Innovations en immunothérapie anticancéreuse: thérapie par lymphocytes T porteurs de récepteurs antigéniques chimériques (cellules CAR-T)

Kevin Brown 1, Matthew D Seftel 1, Kevin A Hay 1,
PMCID: PMC8562989  PMID: 34697102

Points clés

  • La thérapie par lymphocytes T porteurs de récepteurs antigéniques chimériques (cellules CAR-T) est un traitement cellulaire ciblé contre le cancer reposant sur la modification génique. Il est approuvé au Canada pour lutter contre la leucémie lymphoblastique aiguë à cellules B (LLA-B) et le lymphome B de haut grade récidivants ou réfractaires.

  • La plupart des patients qui présentent une leucémie lymphoblastique aiguë à cellules B (LLA-B) ou un lymphome B de haut grade récidivants ou réfractaires présentent de meilleurs taux de survie sans progression de la maladie et de survie globale que les témoins historiques, et une petite proportion de ces patients guérissent.

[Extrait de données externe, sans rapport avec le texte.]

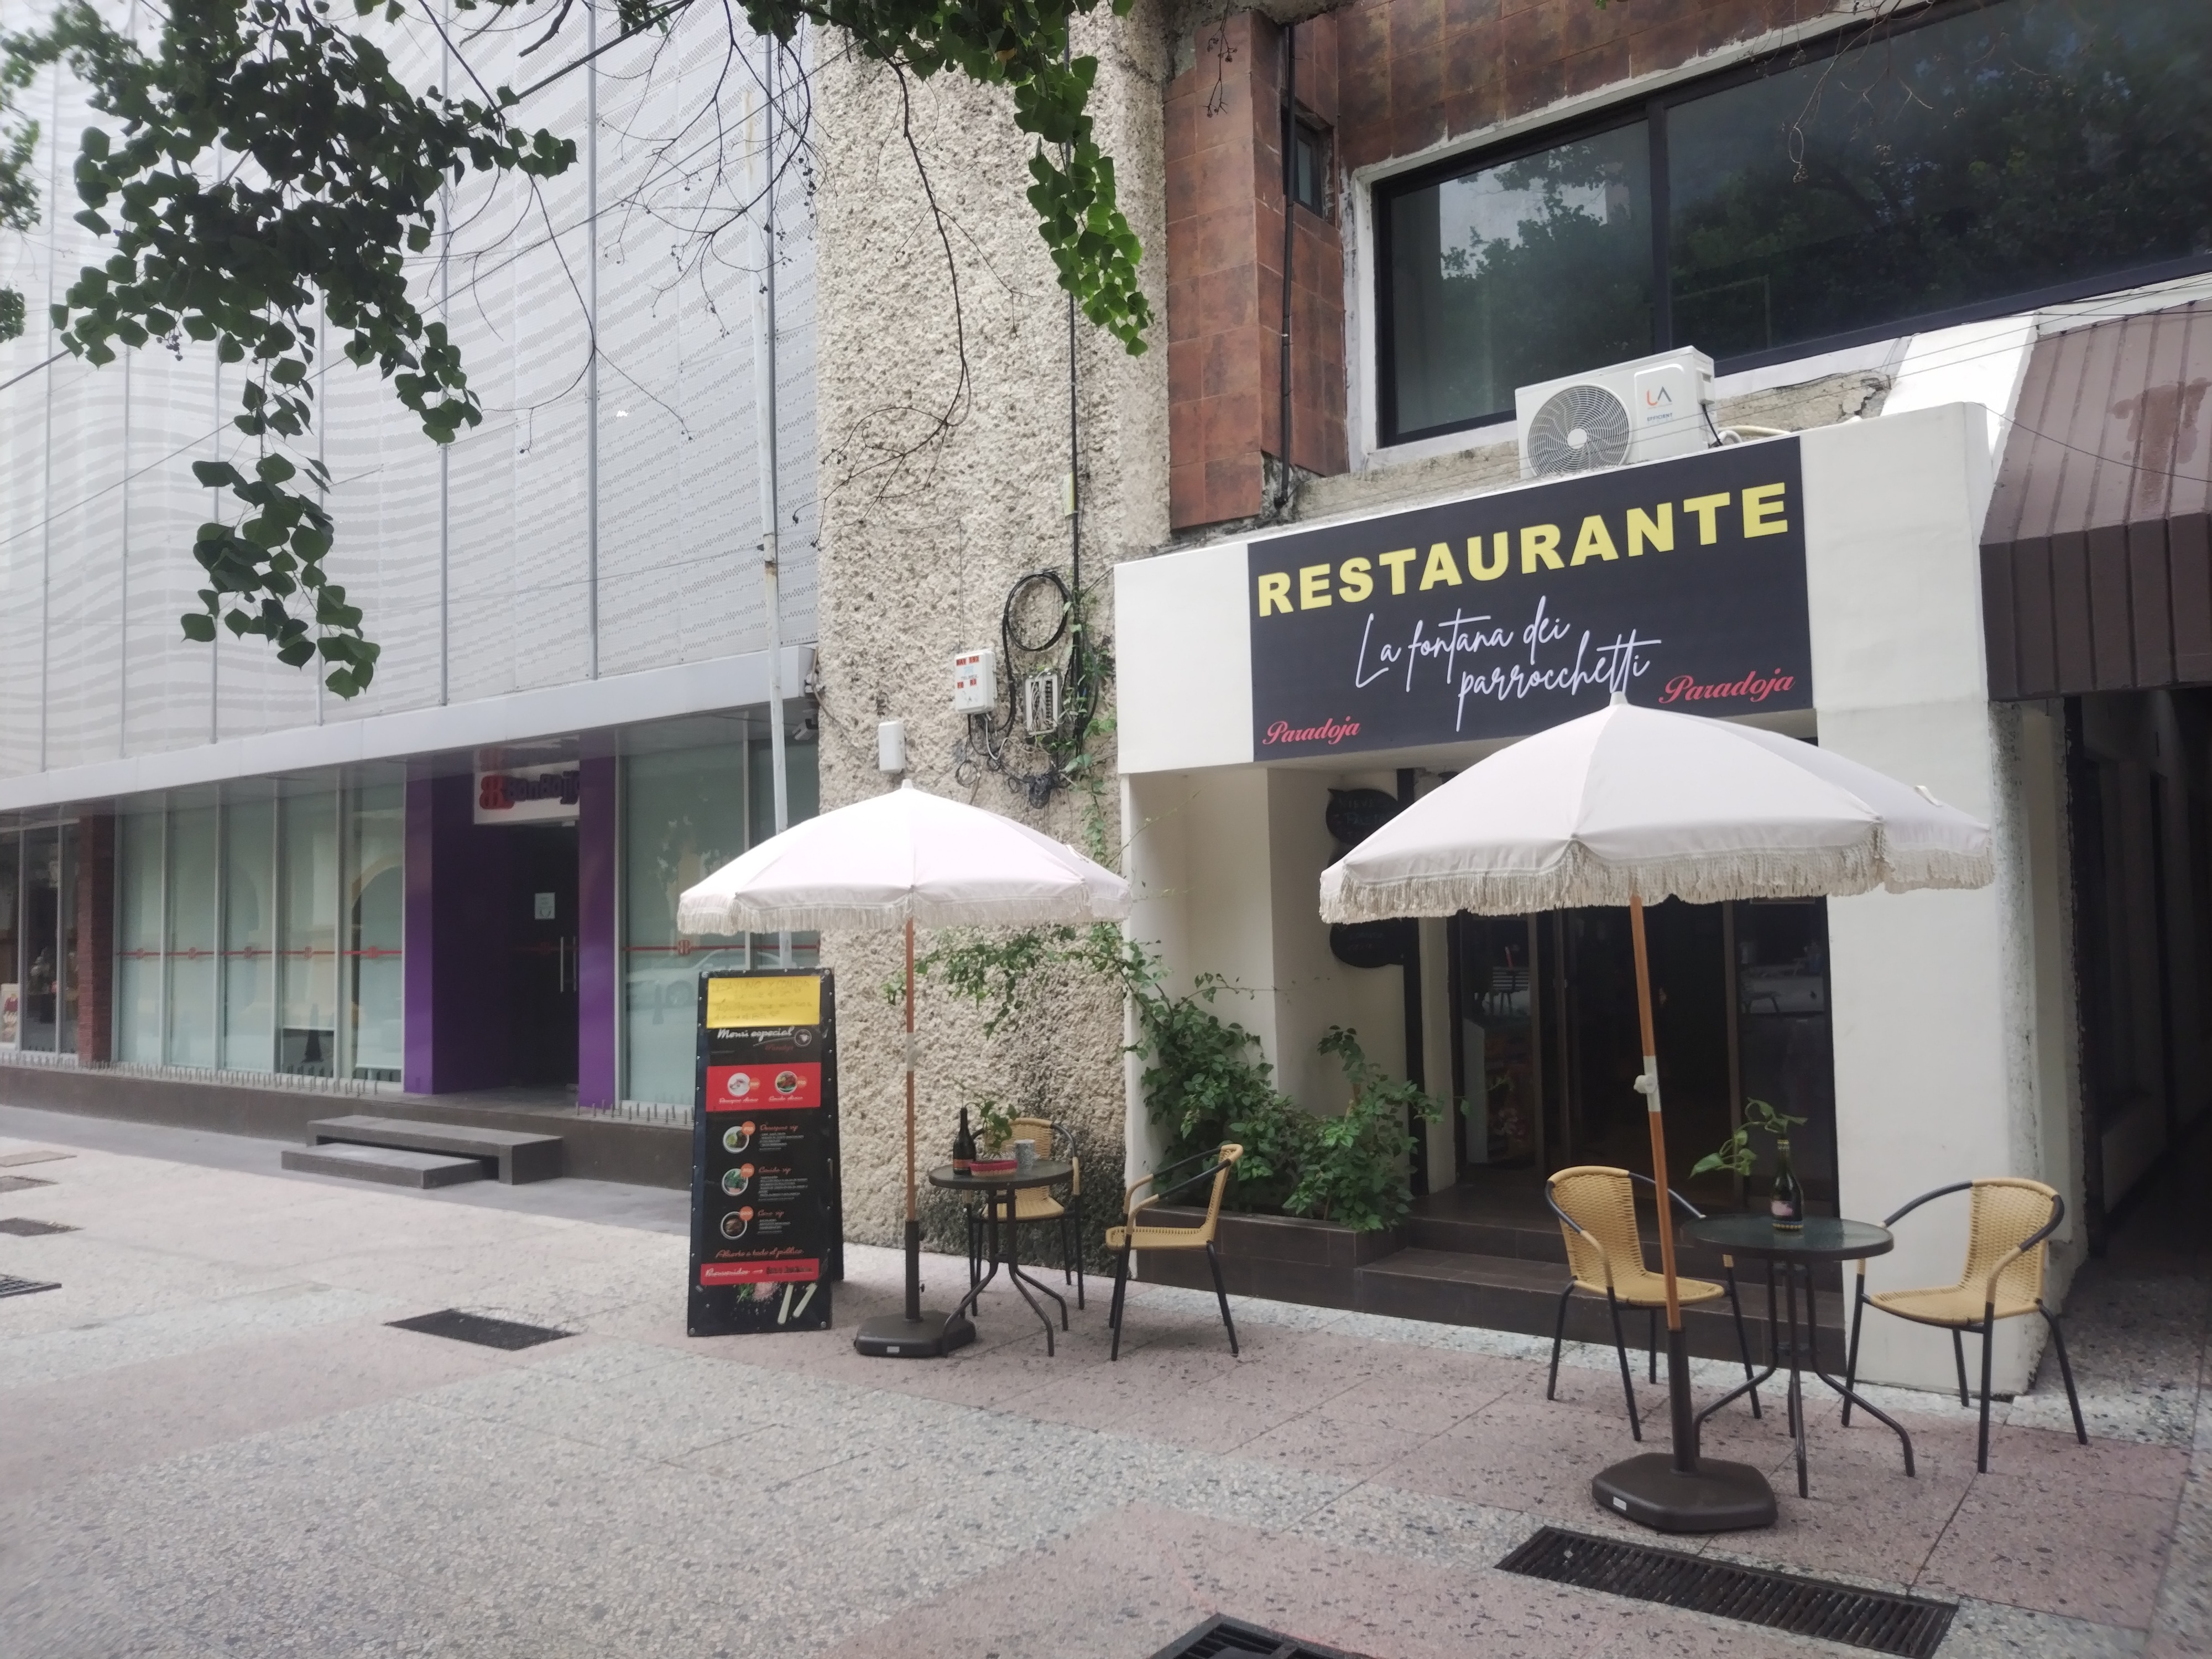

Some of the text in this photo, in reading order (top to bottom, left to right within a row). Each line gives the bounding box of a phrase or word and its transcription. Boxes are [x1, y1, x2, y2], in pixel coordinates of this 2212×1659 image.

[1258, 482, 1788, 617] RESTAURANTE
[1355, 595, 1571, 693] La fontana dei
[1455, 629, 1662, 732] parrocchetti
[1658, 667, 1796, 704] Paradoja
[1262, 716, 1361, 745] Paradoja
[750, 1026, 795, 1042] especial

  • La toxicité aiguë de la thérapie par cellules CAR-T peut prendre la forme d’un syndrome de relargage de cytokines ou d’un syndrome de neurotoxicité associé aux cellules immunitaires effectrices, et la toxicité à long terme, d’une cytopénie prolongée ou d’une hypoplasie lymphocytaire B.

  • Des essais cliniques évaluant l’efficacité de la thérapie par cellules CAR-T contre d’autres cancer, y compris les tumeurs solides, sont en cours.

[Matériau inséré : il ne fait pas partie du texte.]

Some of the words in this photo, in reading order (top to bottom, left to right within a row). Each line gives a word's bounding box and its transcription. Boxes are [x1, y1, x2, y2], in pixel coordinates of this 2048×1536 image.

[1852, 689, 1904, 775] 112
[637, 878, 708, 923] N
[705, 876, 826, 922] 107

L’immunothérapie cellulaire est un traitement novateur qui fait appel aux propriétés anticancéreuses des cellules immunitaires du corps. L’une des techniques les plus prometteuses est la thérapie par lymphocytes T porteurs de récepteurs antigéniques chimériques (cellules CAR-T). Cette thérapie est aujourd’hui la norme en cas de leucémie lymphoblastique aiguë à cellules B (LLA-B) récidivante ou réfractaire, le cancer le plus courant chez l’enfant, et de lymphome B de haut grade, le lymphome le plus fréquent au Canada1. La thérapie par cellules CAR-T fait actuellement l’objet d’essais cliniques pour le traitement d’autres cancers.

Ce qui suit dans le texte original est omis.